Ever have that moment where you're going along and things seem really good, and then all of a sudden you realize you're an idiot? Yeah, had a few of those moments lately. It's not like things are drastically off track or anything. I'm just having some realizations about how to live life better - more effectively.
Sometimes I can really feel the Lord reaching for me. It's like I'm a little kid learning how to walk, and I feel the gentle guiding touch of the Father's hand on my back. With it comes feelings of love and patience from Him to me. I say I feel like an idiot because I've learned these things before. These are lessons being brought to my remembrance. I get frustrated with my own need for repetition, I suppose.
My thoughts are developing as I write this. I think that we are tested at different levels. It's the line upon line thing . . . the principles we are to learn and gain testimony of remain the same, but we have different experiences throughout our lives (maybe progressively more difficult ones) that help us build upon our knowledge and testimony of those eternal principles. Ok, so here's where this thought process comes full circle. We tend to be pretty hard on ourselves. Why do we do this? I think it may be because with our finite minds, we can't see how the Lord is working with us, and how He is actually moving us forward.
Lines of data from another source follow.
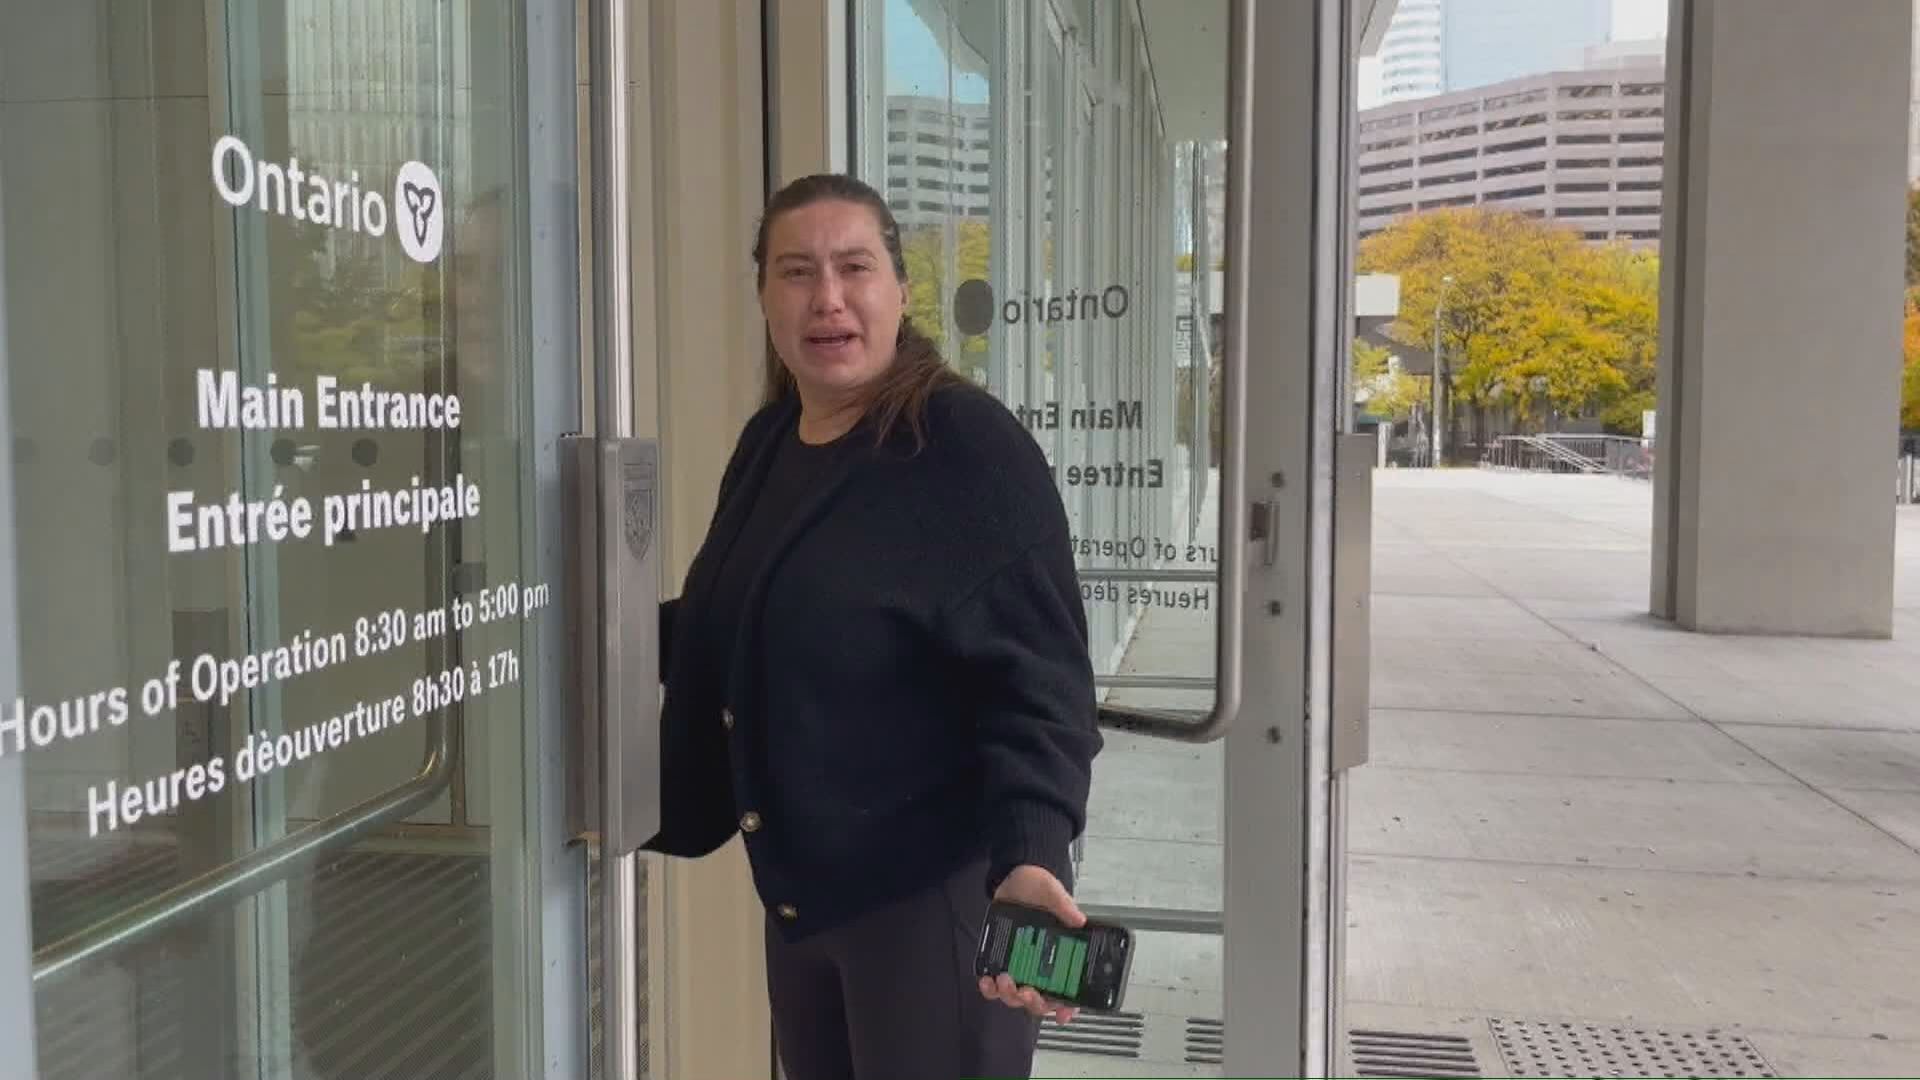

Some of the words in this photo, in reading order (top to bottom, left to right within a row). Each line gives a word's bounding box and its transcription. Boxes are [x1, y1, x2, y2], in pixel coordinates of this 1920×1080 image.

[212, 135, 387, 238] Ontario
[197, 368, 304, 429] Main
[316, 375, 461, 429] Entrance
[167, 484, 312, 553] Entrée
[324, 473, 480, 546] principale
[0, 686, 129, 757] Hours
[142, 659, 181, 716] of
[191, 633, 346, 706] Operation
[355, 608, 406, 656] 8:30
[413, 607, 446, 641] am
[452, 597, 473, 630] to
[479, 582, 518, 623] 5:00
[523, 583, 550, 618] pm
[88, 759, 224, 838] Heures
[235, 692, 405, 779] dèouverture
[412, 667, 464, 716] 8h30
[470, 660, 482, 696] à
[488, 649, 519, 688] 17h
We get to this, "I'm such an idiot!" moment and go downhill from there. But, it's really ok because that moment says something about us. It says that we are loved enough to be constantly reminded. We are hearing and feeling the guidance of our Father. This is a moment to be humbly grateful for, not one intended to lead us into depressing thoughts about how unworthy we are, or anything of the like. It is actually when we are becoming aware of how we can be better, and this is meant to move us forward and bring us peace. Yes, we're human. Yes, we forget things . . . a lot. The Lord made us this way for a reason. That, "I'm an idiot!" moment may actually be coming at the end of a stretching period. Depending upon how we choose to see it, it could become the, "Oh I get it now. So this is how that principle works in my life in this situation." moment. Those times are actually when the Lord is trying to progress us. We just have a hard time seeing it sometimes. It's taken me a long time to learn how to see these moments for what they truly are, but it's finally sinking in.
(On a side note: This isn't to say that there aren't also those times when we really are just being stupid, and need to be reprimanded. That's ok too as long as we recognize it for what it is, and move forward. I had a companion on my mission who once said, "Every once in a while, everyone needs a good rebuke." Therein lies wisdom.)


2 Comments:
Well-said, my friend! =D BTW, I wanted to tell you that I loved what you said today in your VT thought/moment. It was really, really beautiful and I love your sincerity. It really comes through when you speak and makes it easy for the spirit to be present. Thanks for being you!!!
9:19 PM
Um, I love you, and I love your writing. Maybe you should write a book. I'd read it. And leave walrus marks all over it.